S3 Compatible (MinIO, OpenStack Swift, etc.)

s3_compatible

Ceph Object Gateway

s3_rgw

Azure Blob Storage

azure_blobs

Google Cloud Storage (GCS)

google_storage

Prerequisites

  • A running Mission Control environment.

  • A configured storage backend or bucket with the appropriate, supported provider.

  • Configuring the backup uses the MissionControlCluster definition that matches your release version. You must create a secret with the appropriate provider configuration in the target namespace before you create the MissionControlCluster object. For examples, see Create a secret.

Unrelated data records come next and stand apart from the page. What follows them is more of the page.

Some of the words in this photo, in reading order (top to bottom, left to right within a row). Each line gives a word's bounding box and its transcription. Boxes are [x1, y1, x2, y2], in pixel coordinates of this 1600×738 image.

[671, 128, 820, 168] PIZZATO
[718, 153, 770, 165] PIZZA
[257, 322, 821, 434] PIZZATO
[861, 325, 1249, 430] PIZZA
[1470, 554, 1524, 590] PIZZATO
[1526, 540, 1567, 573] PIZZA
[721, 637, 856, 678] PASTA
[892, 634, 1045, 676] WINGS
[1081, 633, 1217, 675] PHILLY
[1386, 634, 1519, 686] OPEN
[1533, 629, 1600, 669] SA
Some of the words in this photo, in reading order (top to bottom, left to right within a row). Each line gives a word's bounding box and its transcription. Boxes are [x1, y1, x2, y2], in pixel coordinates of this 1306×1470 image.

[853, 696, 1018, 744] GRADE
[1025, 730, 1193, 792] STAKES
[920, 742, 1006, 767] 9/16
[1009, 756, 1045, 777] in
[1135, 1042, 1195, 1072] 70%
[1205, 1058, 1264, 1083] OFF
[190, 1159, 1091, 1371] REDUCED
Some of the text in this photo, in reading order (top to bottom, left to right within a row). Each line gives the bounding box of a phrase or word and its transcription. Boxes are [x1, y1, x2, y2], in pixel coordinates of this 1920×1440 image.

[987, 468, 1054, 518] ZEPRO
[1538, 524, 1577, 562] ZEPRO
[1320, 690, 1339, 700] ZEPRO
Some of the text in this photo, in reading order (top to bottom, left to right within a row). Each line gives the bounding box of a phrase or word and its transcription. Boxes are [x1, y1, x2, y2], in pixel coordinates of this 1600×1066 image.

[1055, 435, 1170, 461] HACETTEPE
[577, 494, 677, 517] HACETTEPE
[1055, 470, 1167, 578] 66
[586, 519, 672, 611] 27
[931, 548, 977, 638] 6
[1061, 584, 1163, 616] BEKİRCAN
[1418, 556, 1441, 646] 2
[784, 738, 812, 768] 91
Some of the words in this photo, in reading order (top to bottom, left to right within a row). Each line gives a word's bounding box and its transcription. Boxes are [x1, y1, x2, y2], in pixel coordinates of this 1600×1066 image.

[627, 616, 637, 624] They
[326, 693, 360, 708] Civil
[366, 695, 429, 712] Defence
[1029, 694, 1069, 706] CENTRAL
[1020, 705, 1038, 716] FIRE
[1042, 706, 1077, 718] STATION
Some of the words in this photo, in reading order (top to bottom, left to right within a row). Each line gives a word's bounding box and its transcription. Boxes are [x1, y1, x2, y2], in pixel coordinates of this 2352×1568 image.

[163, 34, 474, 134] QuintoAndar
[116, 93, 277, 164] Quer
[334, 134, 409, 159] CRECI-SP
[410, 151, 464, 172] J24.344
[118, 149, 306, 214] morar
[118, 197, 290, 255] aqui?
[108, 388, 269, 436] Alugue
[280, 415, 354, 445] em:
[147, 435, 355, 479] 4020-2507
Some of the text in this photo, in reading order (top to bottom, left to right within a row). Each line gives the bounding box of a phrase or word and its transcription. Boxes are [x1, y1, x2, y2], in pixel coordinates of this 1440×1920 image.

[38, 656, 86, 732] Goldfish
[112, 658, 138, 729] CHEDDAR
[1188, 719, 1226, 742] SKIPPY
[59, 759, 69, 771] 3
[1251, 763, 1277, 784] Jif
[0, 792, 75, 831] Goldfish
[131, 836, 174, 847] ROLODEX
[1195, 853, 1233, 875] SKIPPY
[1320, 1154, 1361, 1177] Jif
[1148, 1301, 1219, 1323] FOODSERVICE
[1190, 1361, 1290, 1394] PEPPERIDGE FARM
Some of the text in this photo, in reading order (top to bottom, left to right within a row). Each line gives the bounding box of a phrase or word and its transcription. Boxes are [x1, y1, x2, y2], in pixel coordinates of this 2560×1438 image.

    When the secret is not present before the cluster is created, nodes get stuck waiting for the referenced secret to exist. Upon creation of the secret the nodes are scheduled and move to bootstrapping.

Create a secret

Based on your provider (S3-compatible MinIO, AWS S3, GCS, or Azure), choose one of the following example formats for secret creation:

  • S3-compatible (Minio, OpenStack Swift, etc.)

  • AWS S3

  • Google Cloud Storage (GCS)

  • Azure (blob)

apiVersion: v1
kind: Secret
metadata:
 name: medusa-bucket-key
type: Opaque
stringData:
 credentials: |-
   [default]
   aws_access_key_id = minio_username
   aws_secret_access_key = minio_password
apiVersion: v1
kind: Secret
metadata:
 name: medusa-bucket-key
type: Opaque
stringData:
 credentials: |-
   [default]
   aws_access_key_id = XXXXXX
   aws_secret_access_key = XXXXXXX
apiVersion: v1
kind: Secret
metadata:
 name: medusa-bucket-key
type: Opaque
stringData:
 credentials: |-
    {
      "type": "service_account",
      "project_id": "gcp-project-name",
      "private_key_id": "796056f9e1d65abc3defedb60c881496f22836",
      "private_key": "-----BEGIN PRIVATE KEY-----\n
      ...
       insert extensive alphanumeric string
      ...
      \n-----END PRIVATE KEY-----\n",
      "client_email": "medusa@gcp-project.iam.gserviceaccount.com",
      "client_id": "xxxxxxxxxxxxxxxxxxxxxxx",
      "auth_uri": "https://accounts.google.com/o/oauth2/auth",
      "token_uri": "https://oauth2.googleapis.com/token",
      "auth_provider_x509_cert_url": "https://www.googleapis.com/oauth2/v1/certs",
      "client_x509_cert_url": "https://www.googleapis.com/robot/v1/metadata/x509/medusa%40gcp-project.iam.gserviceaccount.com"
    }
apiVersion: v1
kind: Secret
metadata:
 name: medusa-bucket-key
type: Opaque
stringData:
 credentials: |-
    {
        "storage_account": "medusa-storage-account-name",
        "key": "the key's long alphanumeric string"
    }

In the stringData.credentials section, do not change the format as shown in the example and provide the credential values that Medusa expects for your Cloud Storage Provider’s storage backend.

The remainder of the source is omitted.